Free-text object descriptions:
━━━━━━━━
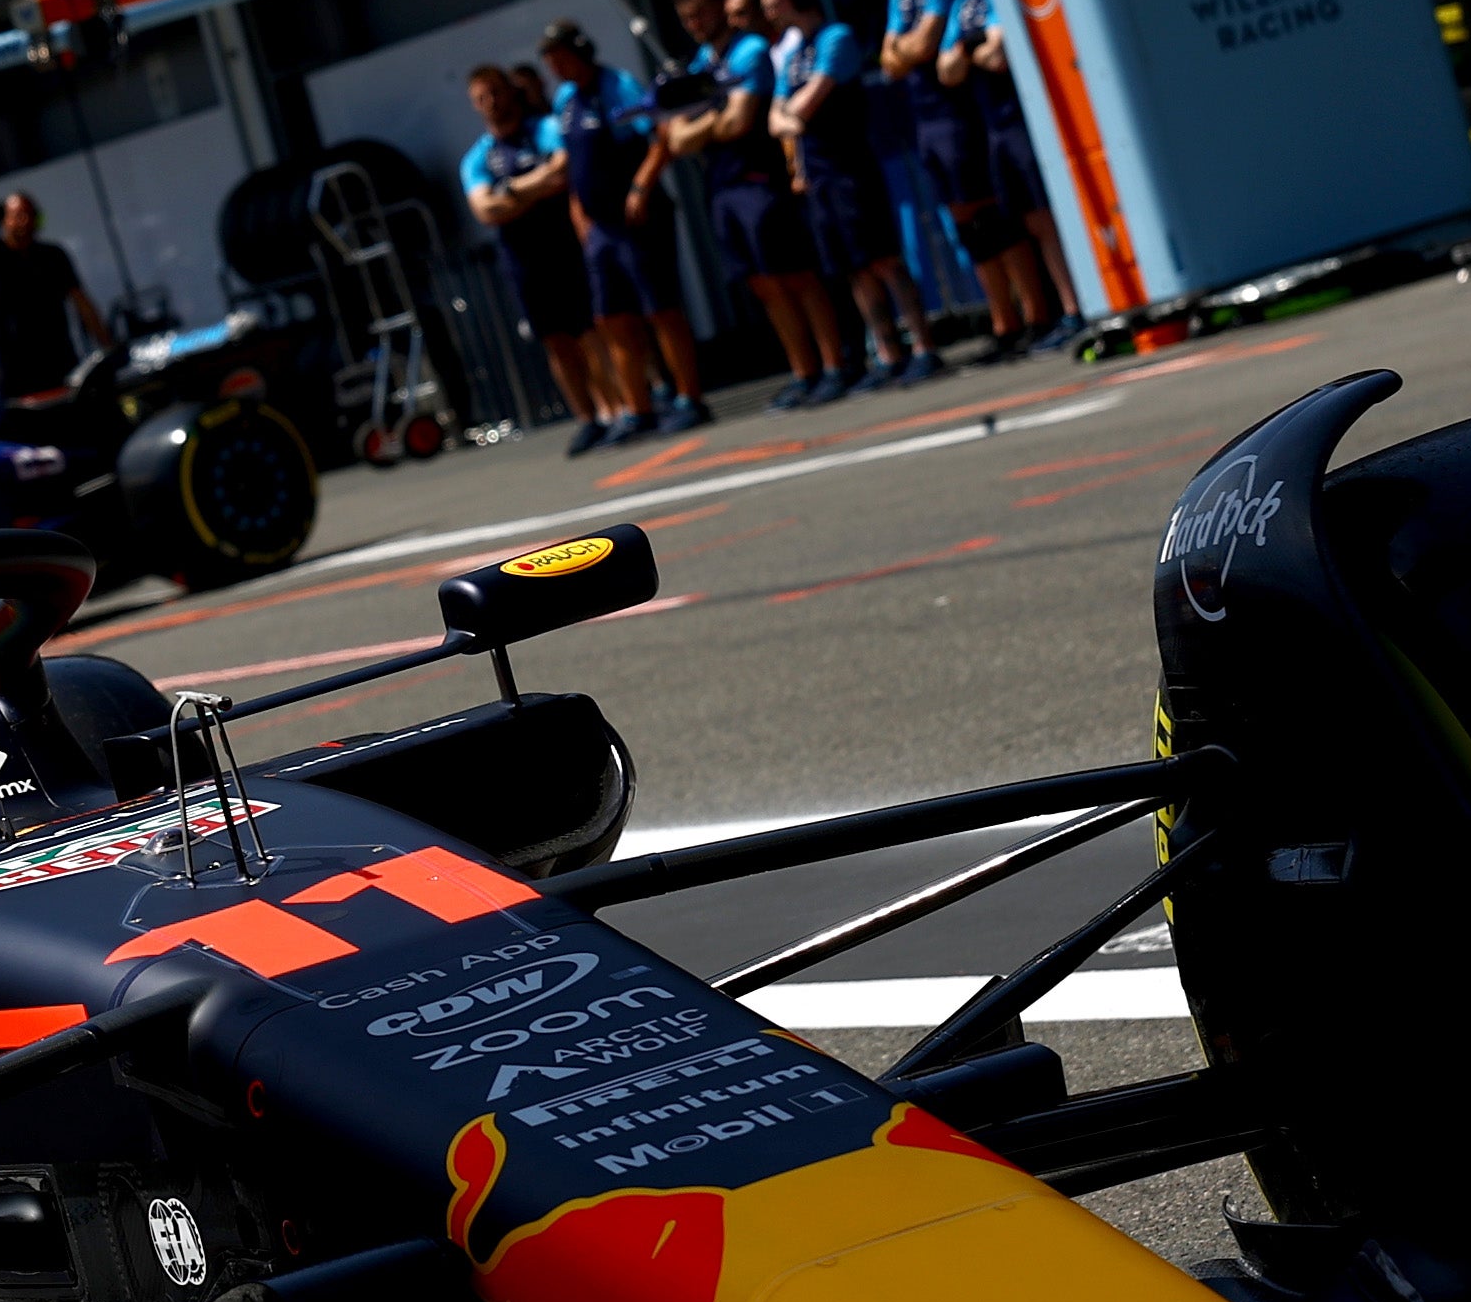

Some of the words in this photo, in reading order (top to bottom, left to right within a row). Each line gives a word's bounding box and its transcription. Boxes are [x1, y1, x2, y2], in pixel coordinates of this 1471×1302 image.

[529, 542, 601, 567] RAUCH
[1160, 506, 1215, 563] Hard
[318, 967, 448, 1010] Cash
[461, 934, 561, 971] App
[366, 969, 544, 1036] CDW
[411, 986, 676, 1071] zoom
[553, 1008, 709, 1063] ARCTIC
[583, 1022, 708, 1065] WOLF
[510, 1037, 776, 1127] PIRELLI
[554, 1063, 819, 1150] infinitum
[594, 1104, 796, 1175] Mobil
━━━━━━━━
* _Aim of the task_
Could you retype every record above exactly, leaving the pictures out?

* _Final answer_
Some of the words in this photo, in reading order (top to bottom, left to right within a row). Each line gives a word's bounding box and its transcription. Boxes are [x1, y1, x2, y2], in pixel coordinates of this 1471×1302 image.

[529, 542, 601, 567] RAUCH
[1160, 506, 1215, 563] Hard
[318, 967, 448, 1010] Cash
[461, 934, 561, 971] App
[366, 969, 544, 1036] CDW
[411, 986, 676, 1071] zoom
[553, 1008, 709, 1063] ARCTIC
[583, 1022, 708, 1065] WOLF
[510, 1037, 776, 1127] PIRELLI
[554, 1063, 819, 1150] infinitum
[594, 1104, 796, 1175] Mobil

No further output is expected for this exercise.